In this notebook, we read in submission file and calculate success@5 and NDCG@5 score against ground truth file. The success@5 is a simple order-irrelevant metric, which is usually used when there is only one true match among all the candidates. However we do want to encourage participants take order into account, so we also involved NDCG@5 score, which is a widely used metric for rankin tasks. 

Notice there is a column called confidence in the sample submission. This is the probability for each prediction. Though it is not used to calculate NDCG or Success score, we'd really appreciate it if you could involve it in your submission because it will help Westat staff to better review the results.

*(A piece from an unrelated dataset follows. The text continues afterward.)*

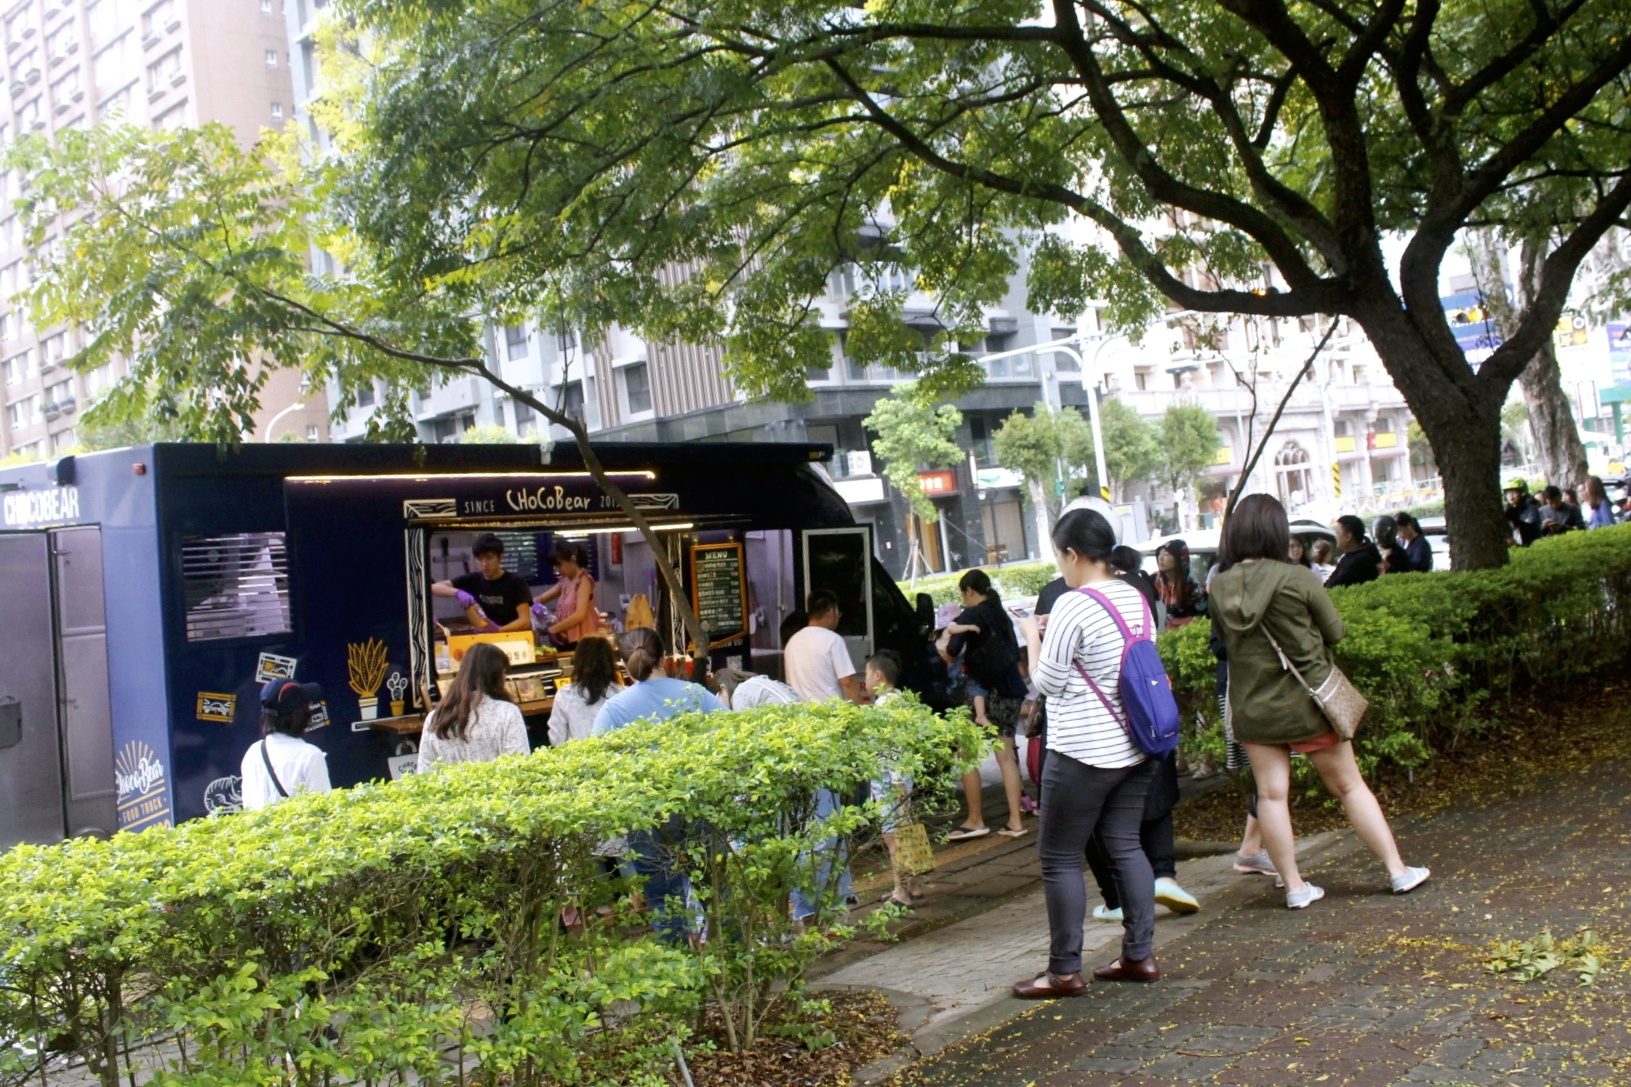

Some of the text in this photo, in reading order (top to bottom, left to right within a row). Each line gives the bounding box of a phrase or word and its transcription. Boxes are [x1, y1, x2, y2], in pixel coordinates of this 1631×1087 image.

[4, 486, 80, 526] CHOCOBEAR
[464, 500, 495, 514] SINCE
[705, 551, 728, 560] MENU
[122, 796, 162, 823] FOOD TRUCK

We currently plan on using these measures, suitable for ranking problems, for model evaluation. Participating teams will be notified of any changes in the future.

In [None]:
import pandas as pd
import numpy as np

In [None]:
gen_pt = 'sample_submission.csv'
ref_pt = 'fake_ground_truth.csv'

In [None]:
submission = pd.read_csv(gen_pt, dtype=str)
ground_truth = pd.read_csv(ref_pt, dtype=str)

In [None]:
%%time
submission = submission.drop_duplicates()

In [None]:
%%time
df = pd.merge(submission, ground_truth, how='outer', on='upc')
df = df[df['ec_y'].notna()]
df['correct'] = df['ec_x'] == df['ec_y']
df['correct'] = df['correct'].astype(int)
df = df.groupby('upc').agg(lambda x: x.tolist()).reset_index()

In [None]:
def dcg_at_k(r, k=5):
    """
    Args:
        r: Relevance scores list (binary value) in rank order
        k: Number of results to consider

    Returns:
        Discounted Cumulative Gain
    """
    r = np.asfarray(r)[:k]
    if r.size:
        return np.sum(r / np.log2(np.arange(2, r.size + 2))) 
    return 0.


def ndcg_at_k(r, k=5):
    """
    Args:
        r: Relevance scores list (binary value) in rank order
        k: Number of results to consider
    Returns:
        Normalized Discounted Cumulative Gain
    """
    dcg_max = dcg_at_k(sorted(r, reverse=True), k)
    if not dcg_max:
        return 0.
    return dcg_at_k(r, k) / dcg_max


def success_at_k(r, k=5):
    """
    Args:
        r: Correct match list (binary value) in rank order
        k: Number of results to consider
    Returns:
    """
    return np.sum(r[:k])

def padding(r, k=5):
    while len(r) < k:
        r.append(0)
    return r

In [None]:
%%time
# We used padding here to make sure every UPC has at least 5 predictions. 
# If there are less than 5 predictions, it will be filled with 0 to make the score consistent.
df['correct'] = df['correct'].apply(padding)
df['ndcg@5'] = df['correct'].apply(ndcg_at_k)
df['s@5'] = df['correct'].apply(success_at_k)

In [None]:
# Here is an example of the scoring details
df.head()

In [None]:
%%time
ndcg_score = df['ndcg@5'].mean()
success_score = df['s@5'].mean()

In [None]:
print("The NDCG@5 score is: {}".format(round(ndcg_score, 3)))
print("The Success@5 score is: {}".format(round(success_score, 3)))

## Extra Help Notes

To help with the process of evaluation, we attached another python file in this folder. To use it, simply run in the command line: 
 - `python evaluation_script.py <submission_csv_file_path> <ground_truth_csv_file_path>`  

If you don't want to output the files everytime and want to see the scores inside your notebook. You could import `evaluate` function to you notebook from the script and use the following code.

In [None]:
from evaluation_script import evaluate

In [None]:
evaluate(submission, ground_truth)

Please let us know if you find any issues with the evaluation script. And we will keep you posted if there is any update in the future.